[Items from a dataset]
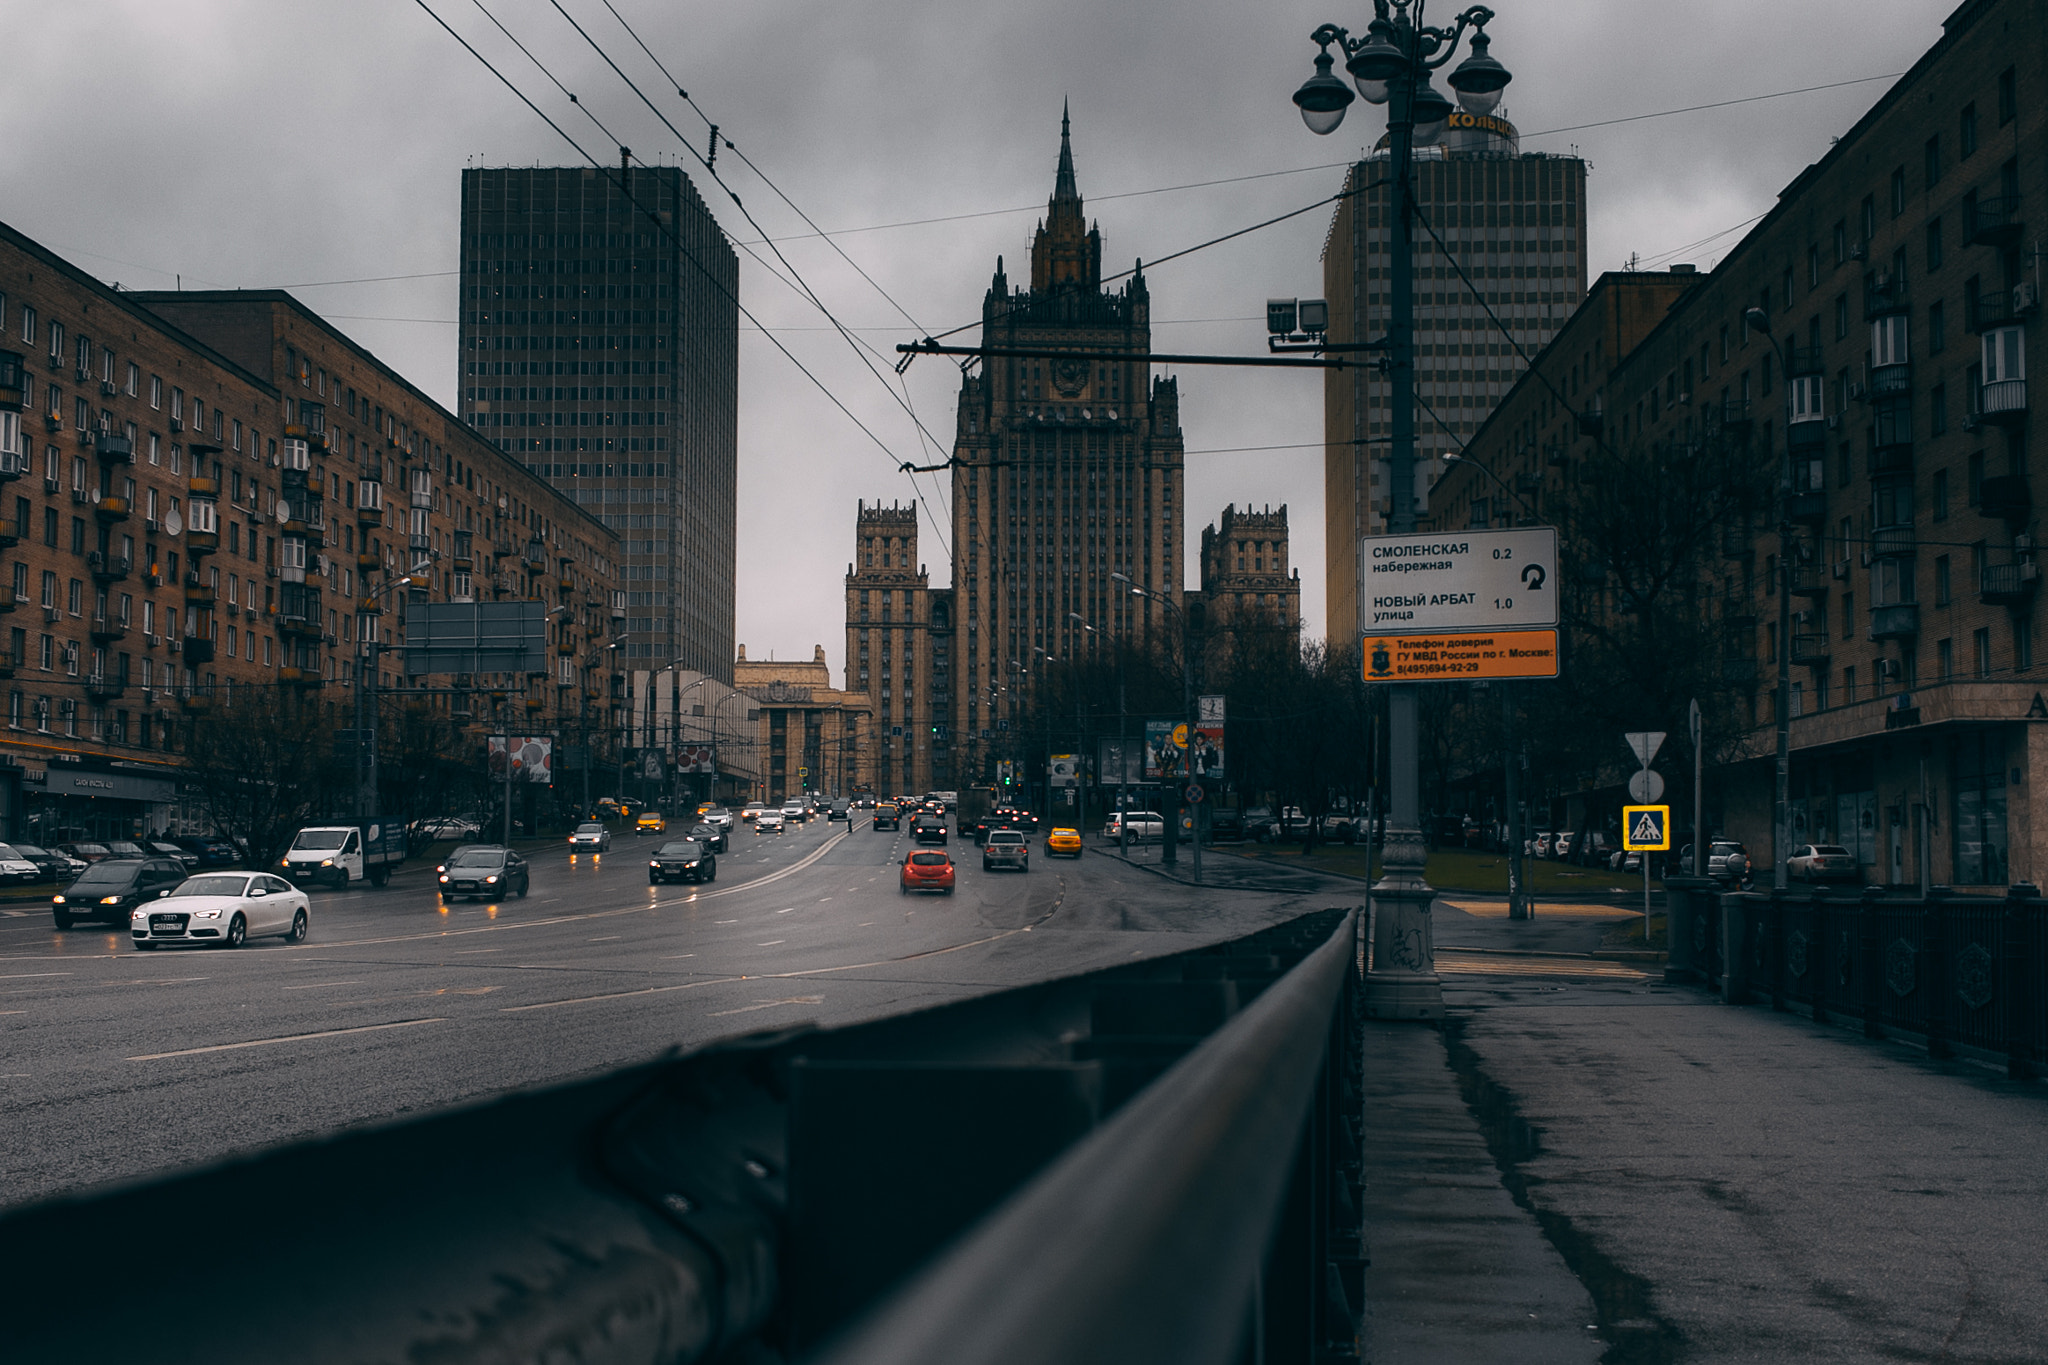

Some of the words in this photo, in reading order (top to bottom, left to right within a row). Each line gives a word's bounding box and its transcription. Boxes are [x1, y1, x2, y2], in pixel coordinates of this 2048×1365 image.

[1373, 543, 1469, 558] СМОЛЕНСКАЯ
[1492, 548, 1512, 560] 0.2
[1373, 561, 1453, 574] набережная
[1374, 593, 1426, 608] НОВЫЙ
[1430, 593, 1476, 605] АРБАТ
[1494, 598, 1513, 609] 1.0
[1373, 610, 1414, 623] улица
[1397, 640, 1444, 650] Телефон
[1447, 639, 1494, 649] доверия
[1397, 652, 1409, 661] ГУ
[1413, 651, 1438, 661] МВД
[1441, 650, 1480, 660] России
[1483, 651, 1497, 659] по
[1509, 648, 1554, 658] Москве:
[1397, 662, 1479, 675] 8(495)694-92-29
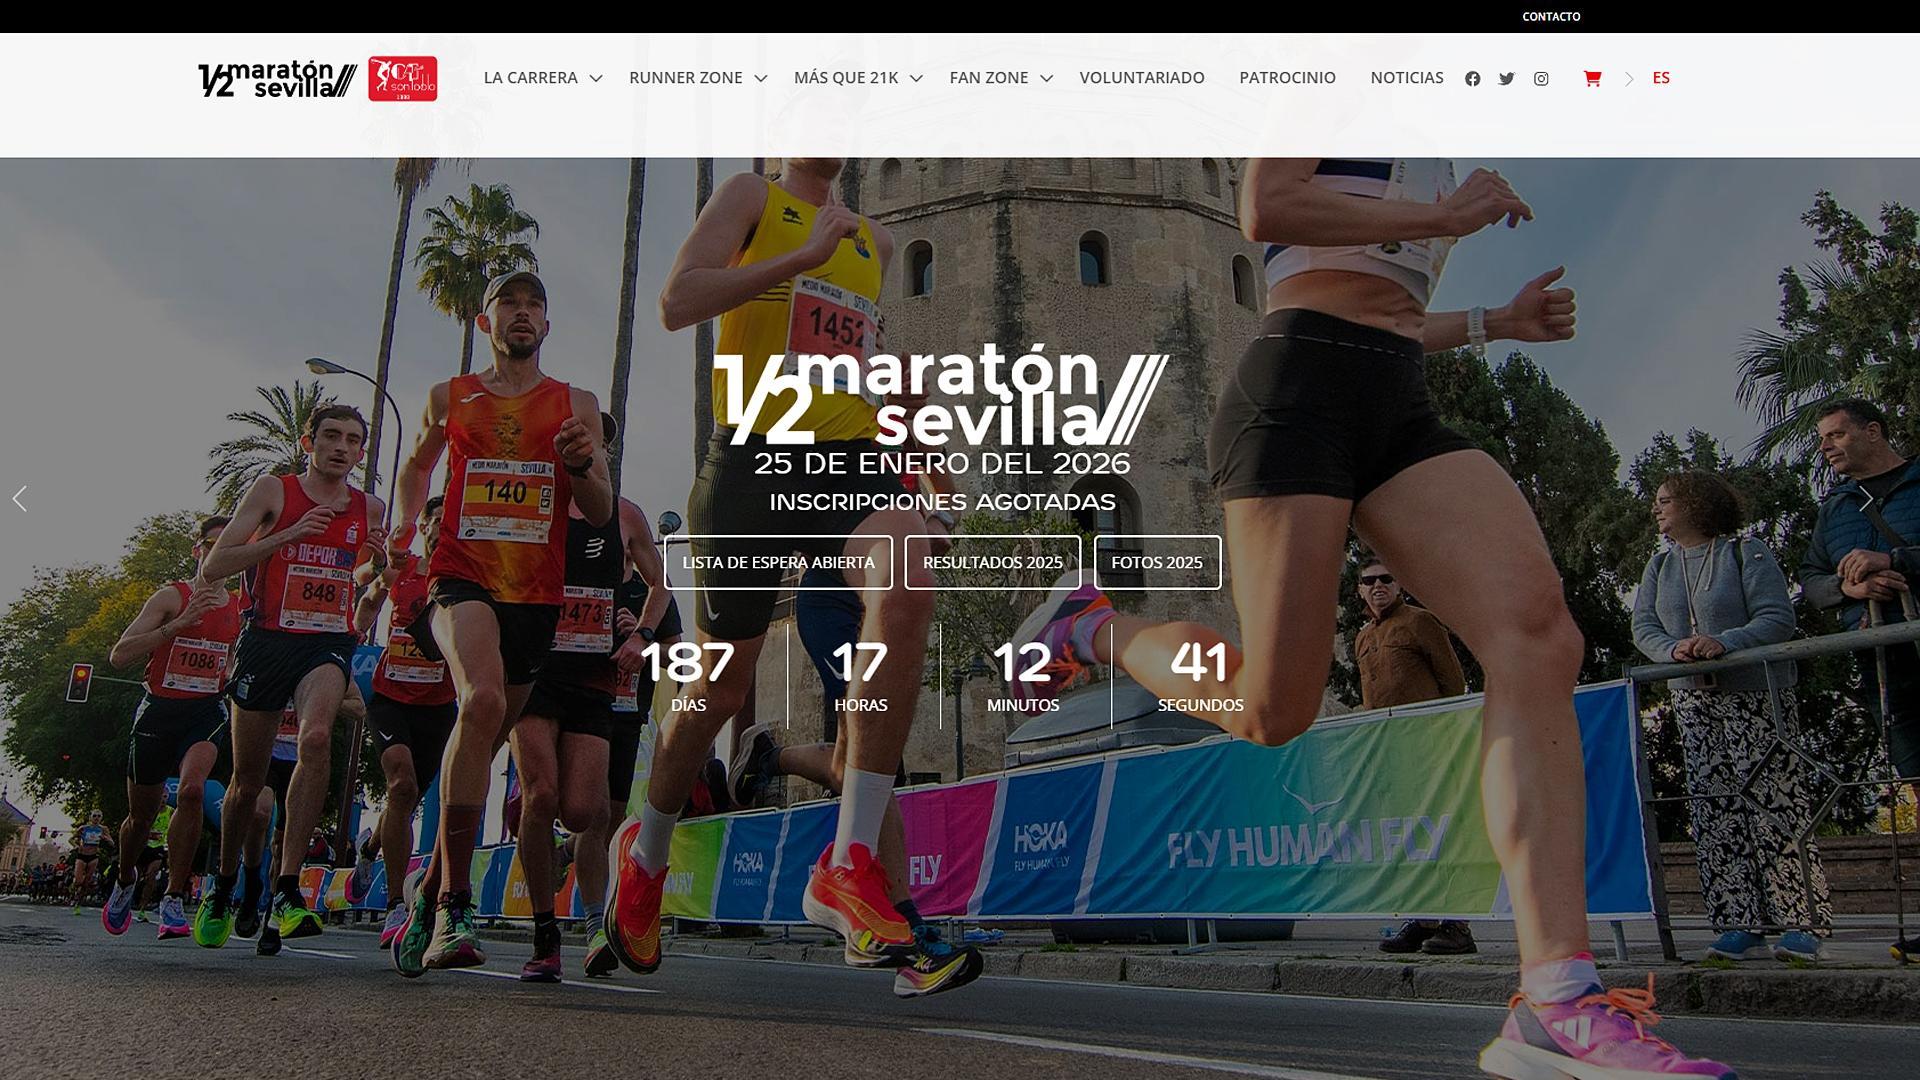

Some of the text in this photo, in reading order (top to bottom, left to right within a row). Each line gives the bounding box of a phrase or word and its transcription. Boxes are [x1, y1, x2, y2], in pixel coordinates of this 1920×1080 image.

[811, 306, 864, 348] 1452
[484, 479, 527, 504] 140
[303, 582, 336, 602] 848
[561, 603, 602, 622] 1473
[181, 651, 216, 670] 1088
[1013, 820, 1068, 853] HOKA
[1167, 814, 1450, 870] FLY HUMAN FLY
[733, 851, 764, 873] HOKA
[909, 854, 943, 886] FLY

**Required work:**
The entries above need to be transcribed exactly, with the images left out.

**Problem solution:**
Some of the words in this photo, in reading order (top to bottom, left to right within a row). Each line gives a word's bounding box and its transcription. Boxes are [x1, y1, x2, y2], in pixel coordinates of this 2048×1365 image.

[1373, 543, 1469, 558] СМОЛЕНСКАЯ
[1492, 548, 1512, 560] 0.2
[1373, 561, 1453, 574] набережная
[1374, 593, 1426, 608] НОВЫЙ
[1430, 593, 1476, 605] АРБАТ
[1494, 598, 1513, 609] 1.0
[1373, 610, 1414, 623] улица
[1397, 640, 1444, 650] Телефон
[1447, 639, 1494, 649] доверия
[1397, 652, 1409, 661] ГУ
[1413, 651, 1438, 661] МВД
[1441, 650, 1480, 660] России
[1483, 651, 1497, 659] по
[1509, 648, 1554, 658] Москве:
[1397, 662, 1479, 675] 8(495)694-92-29

Some of the text in this photo, in reading order (top to bottom, left to right within a row). Each line gives the bounding box of a phrase or word and its transcription. Boxes are [x1, y1, x2, y2], in pixel coordinates of this 1920×1080 image.

[811, 306, 864, 348] 1452
[484, 479, 527, 504] 140
[303, 582, 336, 602] 848
[561, 603, 602, 622] 1473
[181, 651, 216, 670] 1088
[1013, 820, 1068, 853] HOKA
[1167, 814, 1450, 870] FLY HUMAN FLY
[733, 851, 764, 873] HOKA
[909, 854, 943, 886] FLY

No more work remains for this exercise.